According to reports from Weather Underground, the rapidly warming Antarctic Peninsula recorded a high temperature of 63.5 degrees Fahrenheit (17.5 degrees Celsius) on March 24.

If this is investigated and verified by the World Meteorological Organisation (WMO), it could become the highest temperature on record for the entire continent of Antarctica.

The warmth at the Esperanza research station came one day after a nearly identical high temperature was logged at another Argentinean base, known as Base Marambio, also located along the Antarctic Peninsula. Interestingly, the mild conditions occurred during the Antarctic fall, not the height of summer.

Both of these readings are the warmest temperatures on record for those locations, and as weather historian Christopher Burt writes at Weather Underground, the Esperanza high temperature exceeds any high temperature reading on either the Peninsula or the Antarctic landmass in general. Data at Esperanza extends back to 1945.

For the high temperature to be classified as a record for the icy continent of Antarctica, the WMO would have to verify that the equipment was working properly at the time, which is a process that could take months, if not longer, and consider other criteria, such as the definition of continental Antarctica itself.

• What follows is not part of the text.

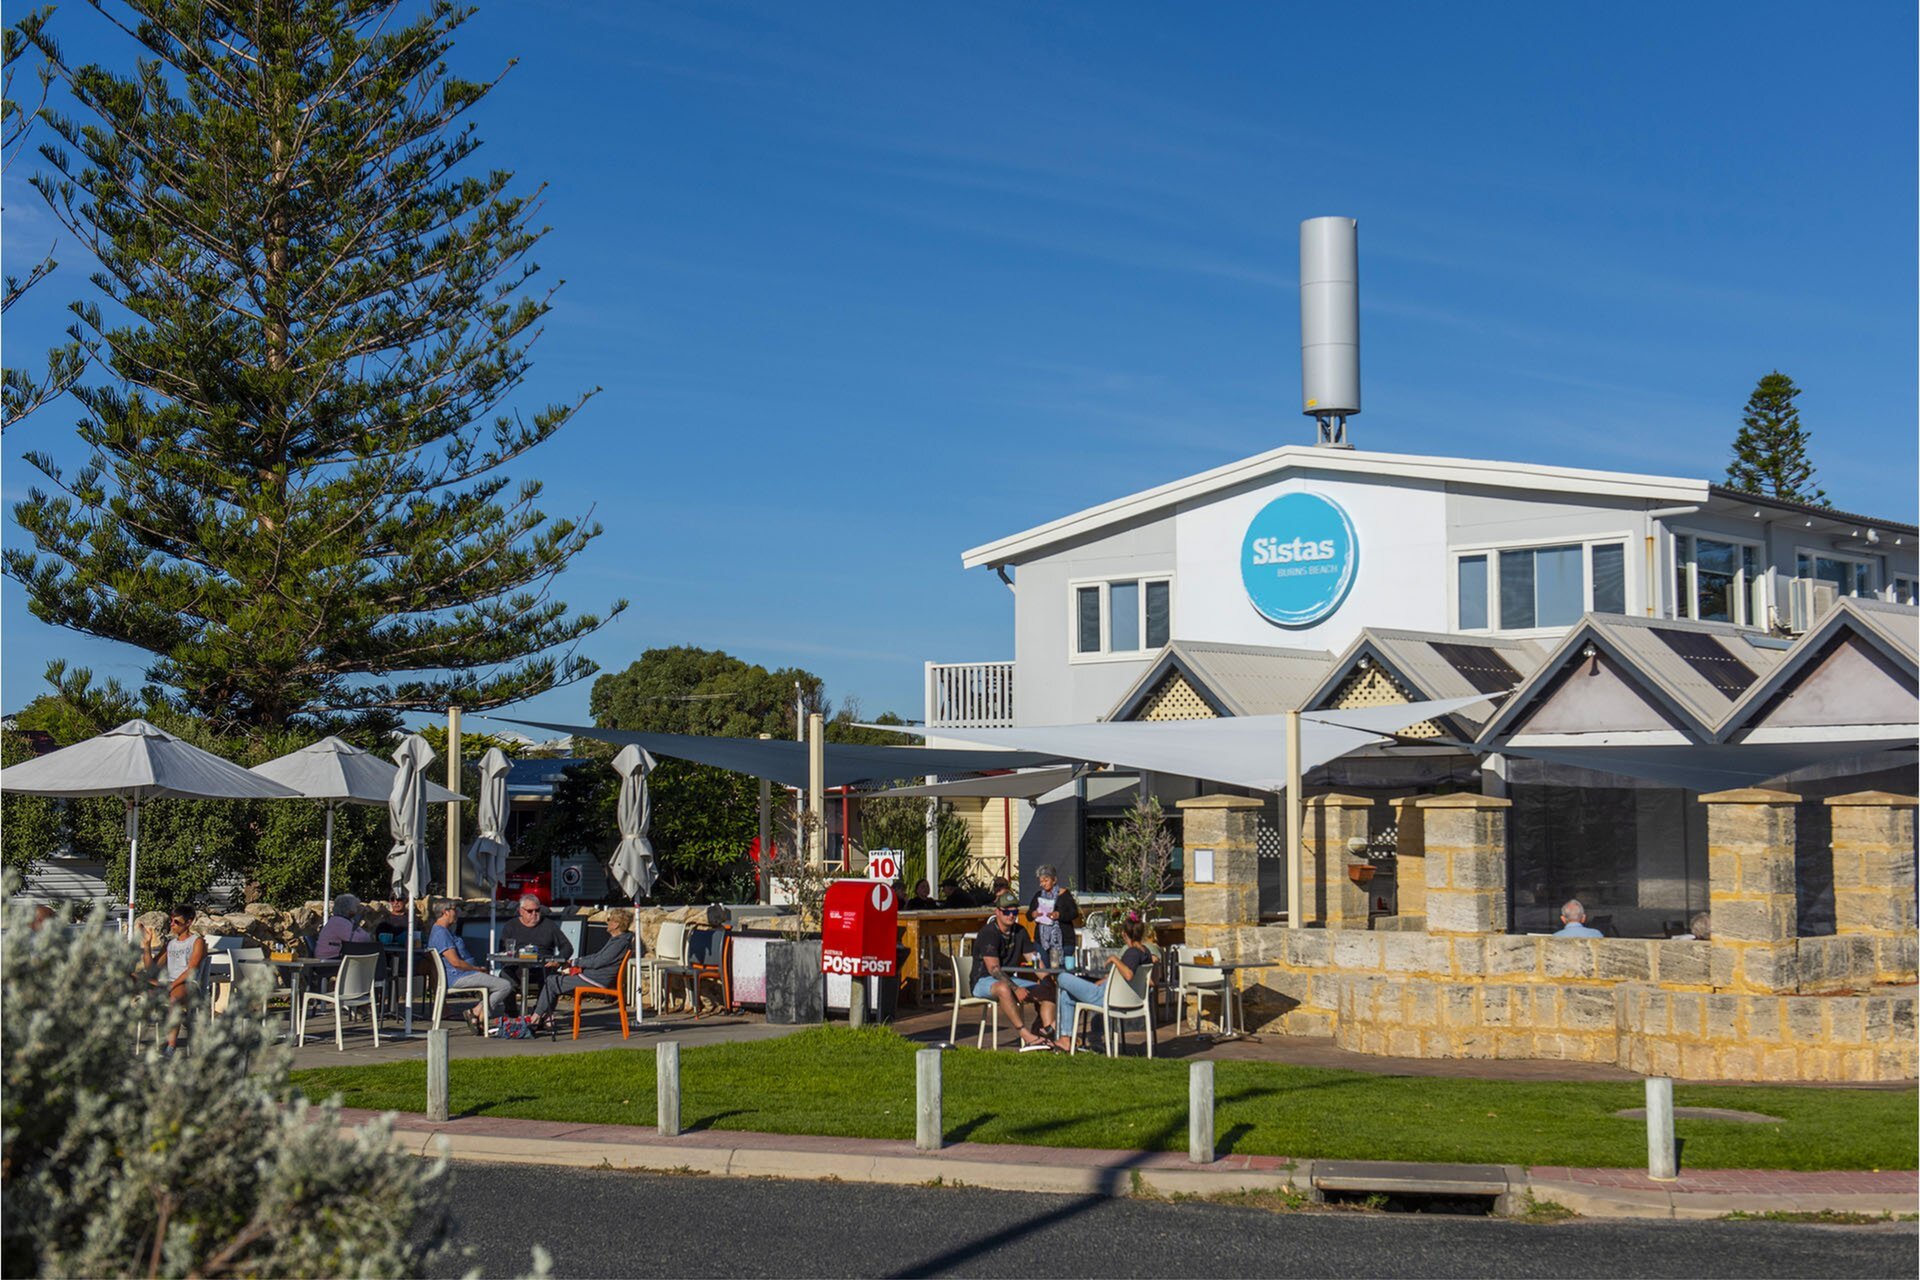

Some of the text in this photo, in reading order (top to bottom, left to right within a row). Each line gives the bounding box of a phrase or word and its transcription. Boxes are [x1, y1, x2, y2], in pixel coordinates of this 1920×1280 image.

“Although this is the warmest temperature ever measured since weather stations became established on the southern continent, it is complicated by what the very definition of ‘Antarctica’ is,” Burt reports.

The Antarctic Peninsula is the most rapidly warming part of Antarctica, with increasing land and ocean temperatures and melting glaciers observed in recent decades. Average temperatures there are increasing at about twice the global average rate, studies show.

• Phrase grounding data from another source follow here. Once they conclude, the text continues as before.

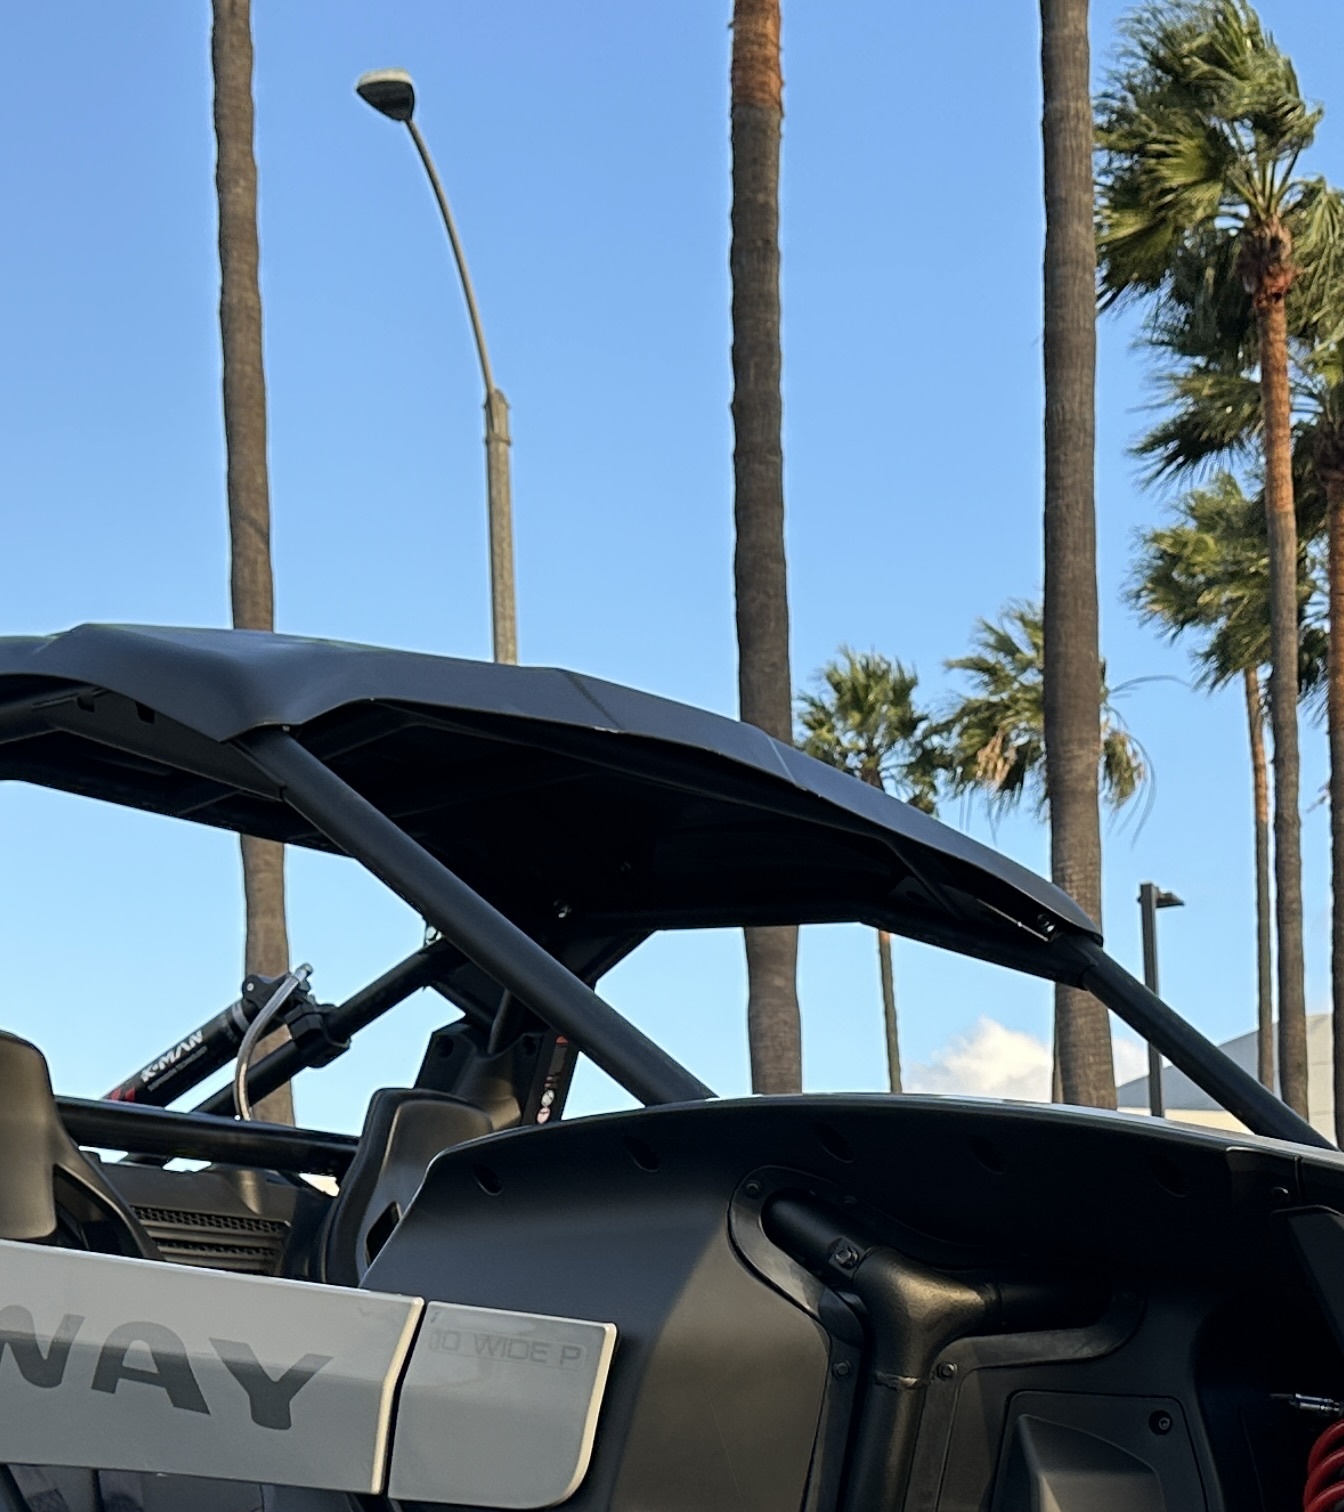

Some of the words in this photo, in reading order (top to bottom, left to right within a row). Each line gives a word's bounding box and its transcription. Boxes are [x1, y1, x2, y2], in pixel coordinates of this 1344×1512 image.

[140, 1029, 204, 1083] K-MAN
[474, 1332, 552, 1364] WIDE
[559, 1344, 583, 1366] P
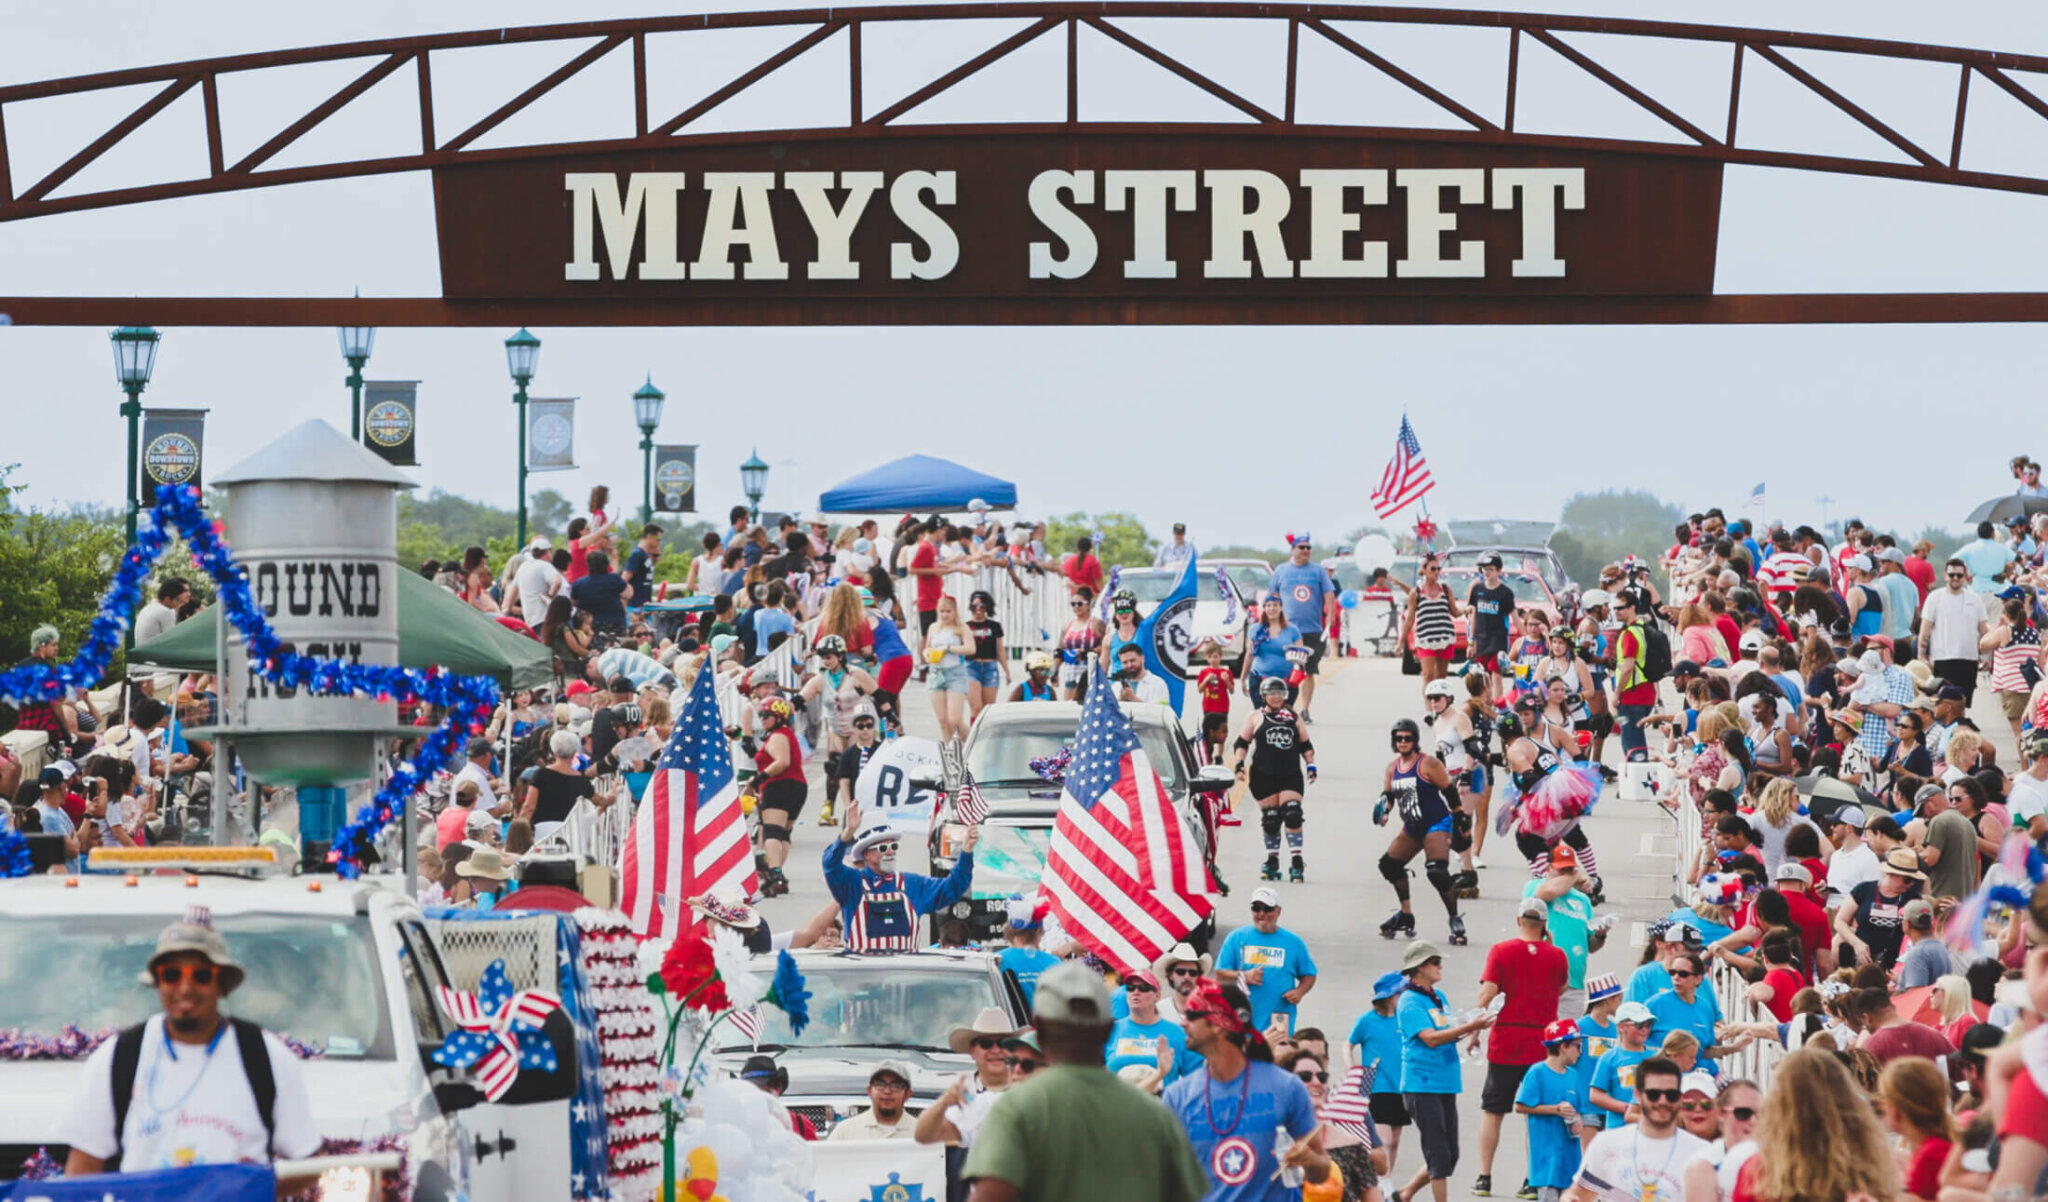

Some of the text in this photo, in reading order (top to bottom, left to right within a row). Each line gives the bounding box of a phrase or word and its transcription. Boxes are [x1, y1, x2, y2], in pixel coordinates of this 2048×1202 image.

[564, 167, 1586, 281] MAYS STREET
[155, 440, 190, 451] ROUND
[149, 455, 194, 463] DOWNTOWN
[159, 471, 185, 480] ROCK
[237, 562, 381, 618] OUND

More broadly, the Antarctic ice sheet is proving to be far more dynamic than scientists thought was the case just two decades ago. A study published on Thursday, found that the loss rate of Antarctic ice shelves, which play a crucial role in buttressing inland glaciers and preventing them from sliding quickly into the sea, has accelerated by 70% in just the past decade.

This may mean that climate scientists will need to raise their global sea level rise projections. Such projections also take into account ice loss from the Greenland ice sheet, where temperatures are also increasing rapidly.